Early Adopters and Their Models
The University of California, San Diego (UCSD) is leading this shift. Beginning with the Fall 2024 cohort, UC SD introduced its Climate Change Education Requirement, which mandates that all undergraduates take a course featuring at least 30% climate-related content, encompassing science, impacts, mitigation, adaptation, and a project component tailored to each discipline (e.g., literature, engineering). This initiative affects approximately 7,000 students per graduating class.
Shortly thereafter, Arizona State University (ASU) launched “General Studies Gold” in Fall 2024, a revamped general education model including a mandatory three-credit sustainability course for every incoming student. This ensures that sustainability is no longer optional but embedded within the core curriculum.
As part of California’s largest public higher education system, San Francisco State University (SFSU) is transforming its longstanding environmental sustainability requirement. Starting in Fall 2025, all students must complete a course under the newly redesigned Environmental Sustainability & Climate Action (ESCA) requirement, which explicitly covers climate justice, making SFSU the first major public university to require climate-justice content for graduation.
Meanwhile, UC Davis is developing a proposed Climate Crisis general education requirement aligned with UN Sustainable Development Goal 13 (Climate Action). The proposal, with over 530 endorsements from faculty, staff, and students, is being considered by the Academic Senate and could launch in fall 2026 for the class of 2030.

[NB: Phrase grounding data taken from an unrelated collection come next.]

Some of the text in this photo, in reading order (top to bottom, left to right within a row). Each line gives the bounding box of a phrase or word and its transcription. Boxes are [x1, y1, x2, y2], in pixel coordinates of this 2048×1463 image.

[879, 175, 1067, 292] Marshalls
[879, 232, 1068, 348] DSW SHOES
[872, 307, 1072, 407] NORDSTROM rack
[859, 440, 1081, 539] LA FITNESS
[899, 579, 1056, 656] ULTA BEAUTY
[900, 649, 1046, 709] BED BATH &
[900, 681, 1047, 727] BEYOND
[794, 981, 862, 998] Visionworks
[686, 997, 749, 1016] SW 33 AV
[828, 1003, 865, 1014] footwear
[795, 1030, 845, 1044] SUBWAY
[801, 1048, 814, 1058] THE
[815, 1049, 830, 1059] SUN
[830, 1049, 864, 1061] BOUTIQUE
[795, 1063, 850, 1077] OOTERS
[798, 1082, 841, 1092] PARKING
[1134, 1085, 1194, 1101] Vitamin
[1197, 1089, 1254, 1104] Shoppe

The Data: Adoption, Assessment, and Impact
Though relatively few universities have adopted institution-wide climate literacy mandates, momentum is undeniable. Traditionally, sustainability education in higher ed’ is centered around electives, minors, and certificates. Now, campuses increasingly see climate literacy as integral to all students’ learning.

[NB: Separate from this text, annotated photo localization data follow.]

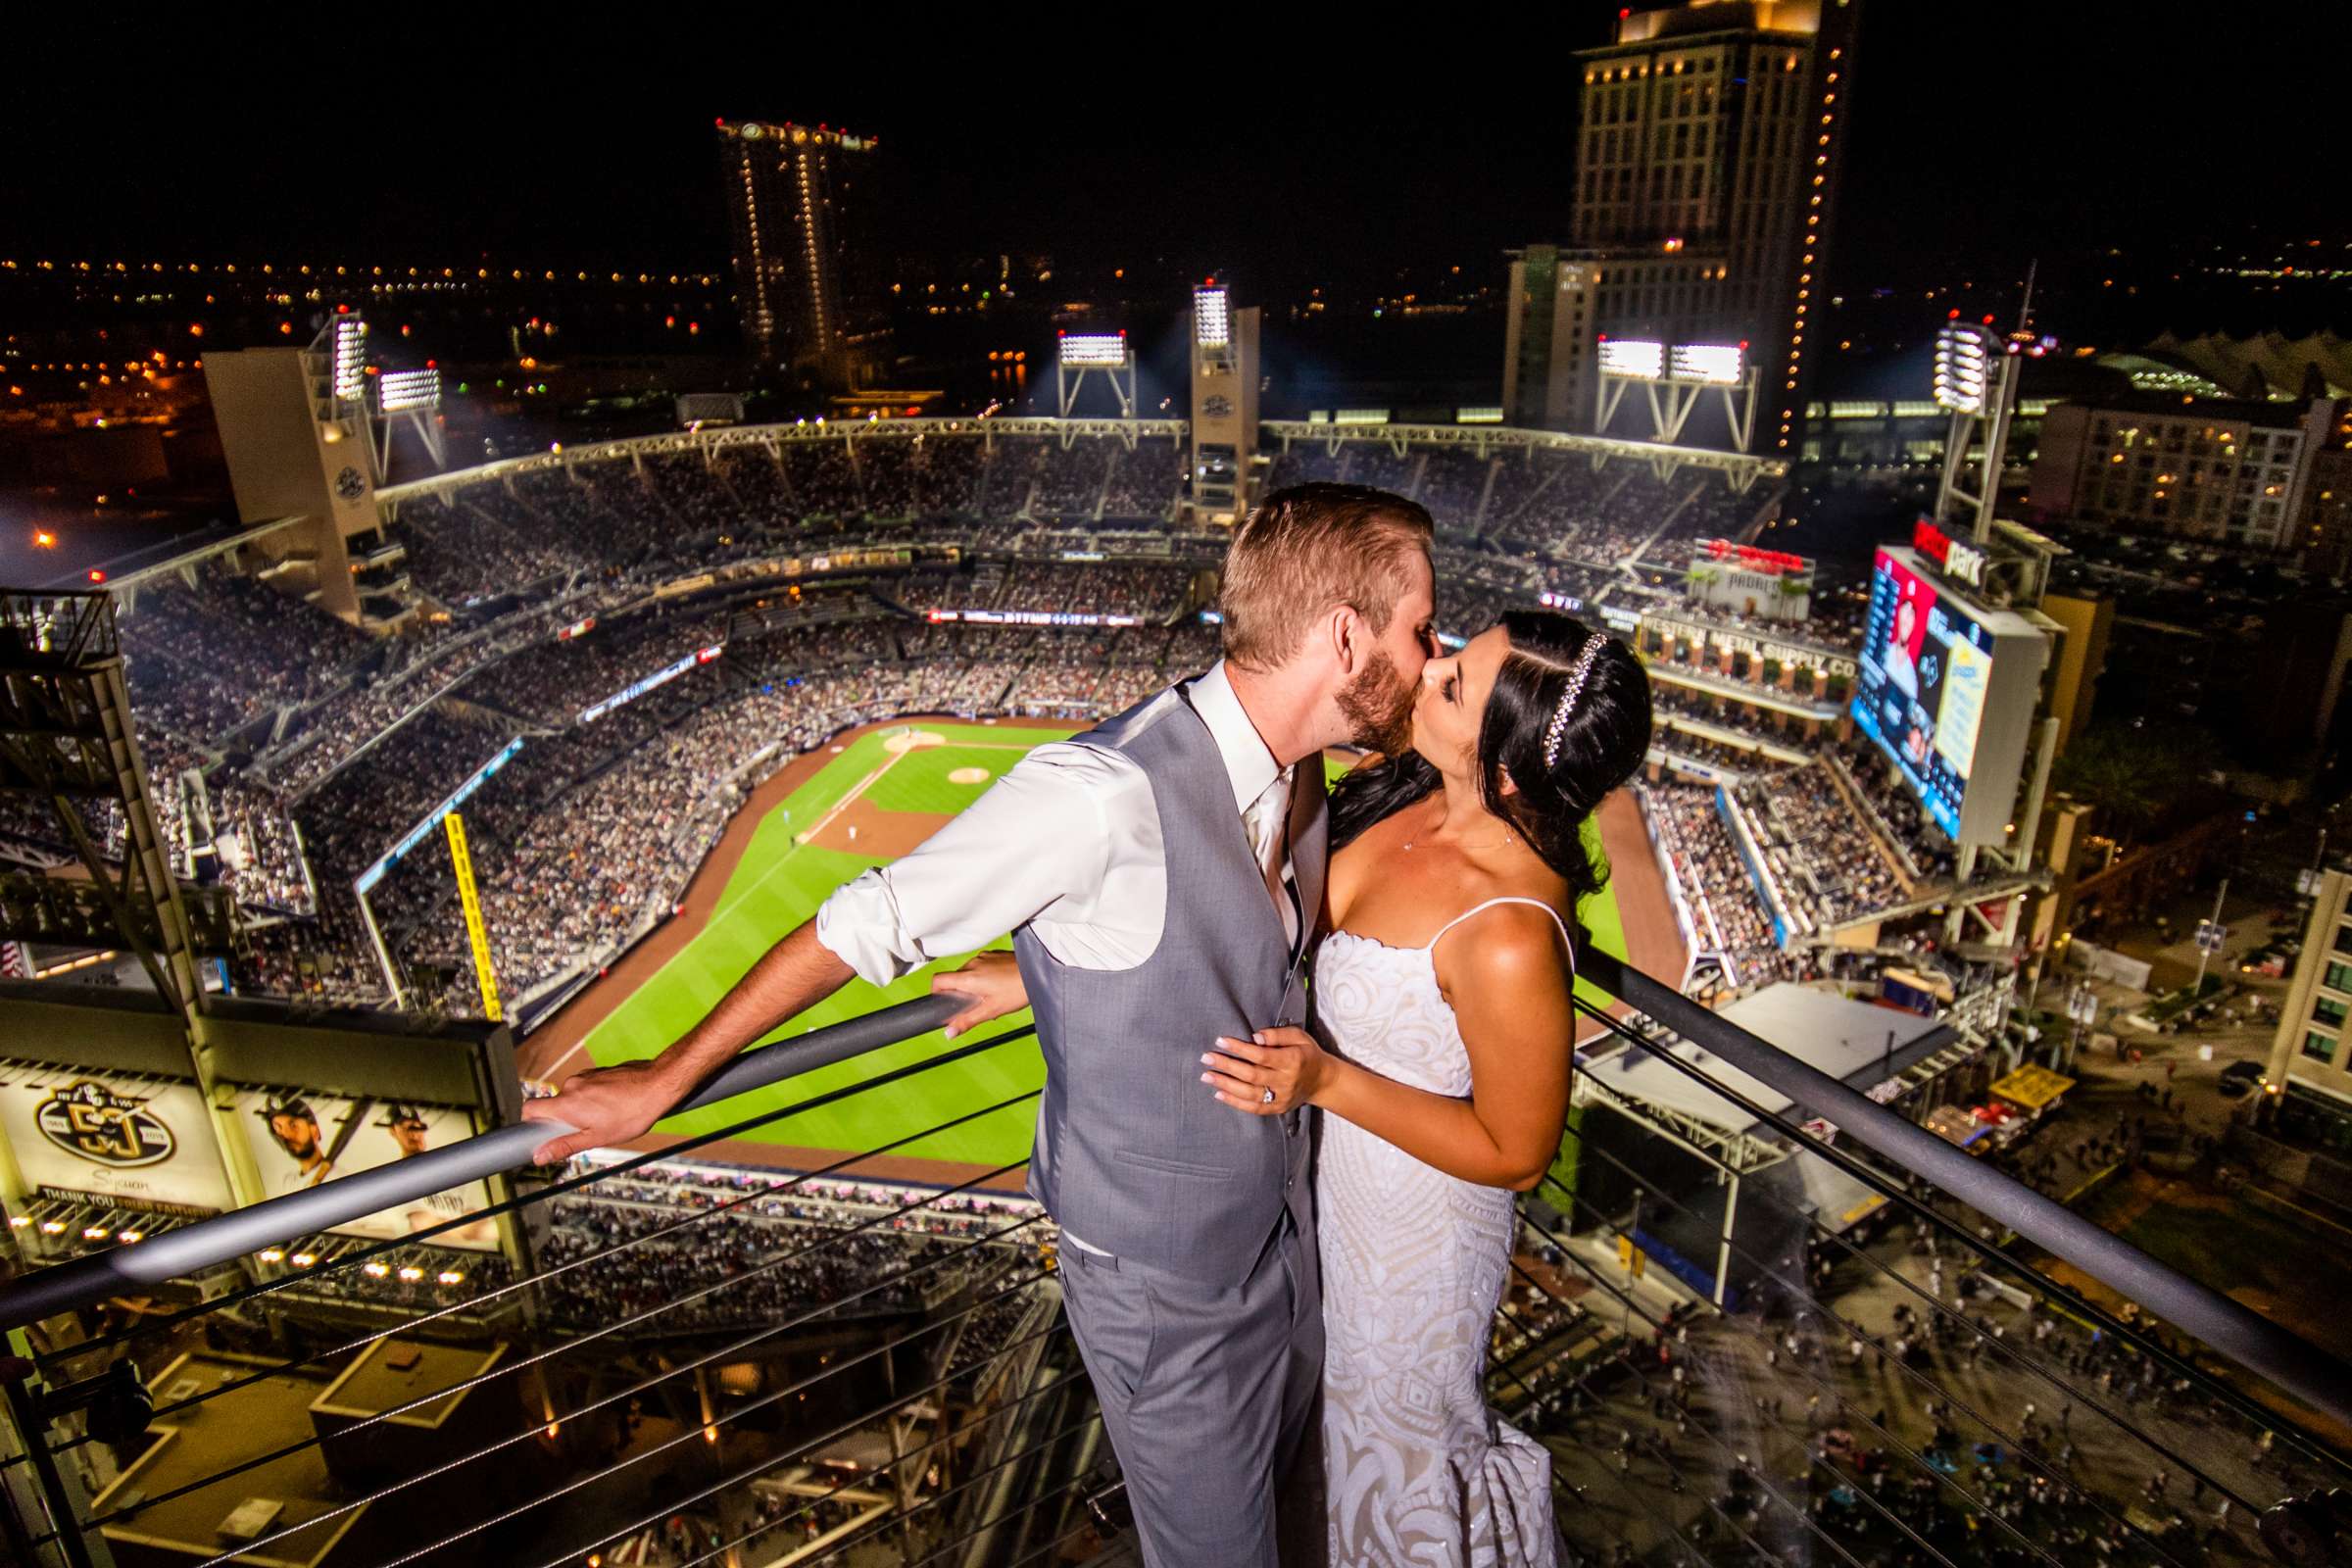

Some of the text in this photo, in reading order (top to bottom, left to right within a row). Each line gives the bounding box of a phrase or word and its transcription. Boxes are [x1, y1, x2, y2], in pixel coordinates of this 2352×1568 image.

[1944, 541, 1985, 587] park
[1729, 572, 1782, 594] PADRES
[1643, 615, 1706, 643] WESTERN
[1710, 631, 1757, 656] METAL
[1764, 644, 1825, 670] SUPPLY
[42, 1187, 86, 1204] THANK
[88, 1194, 115, 1208] YOU

But what exactly is “climate literacy”? Unlike the broader systems-focused sustainability literacy, climate literacy zeroes in on understanding climate science, societal and ecological impacts, and strategies for mitigation, adaptation, and justice. Many institutions use the AASHE STARS framework to benchmark learning outcomes and assessments in these domains.
Data from campuses reporting to AASHE STARS reveal that the median campus scores approximately 2.8 out of 8 on the Learning Outcomes indicator (AC-2), suggesting that while sustainability learning objectives exist in some programs, few span entire undergraduate populations. Similarly, the median on the Sustainability Literacy Assessment indicator (AC-6) stands at around 2 out of 4, indicating that while assessments are deployed, they are not yet comprehensive.
To put it more simply, most U.S. colleges say they teach some sustainability-related topics, but when it comes to teaching climate science and solutions to all undergraduates — and actually testing what students have learned — very few universities are doing it thoroughly.
But student demand is further fuelling the trend for more. In fact, 48% of prospective applicants would choose a more sustainable university over a top-100 ranked one, while 88% of current students expect sustainable development to be integrated into their learning experience.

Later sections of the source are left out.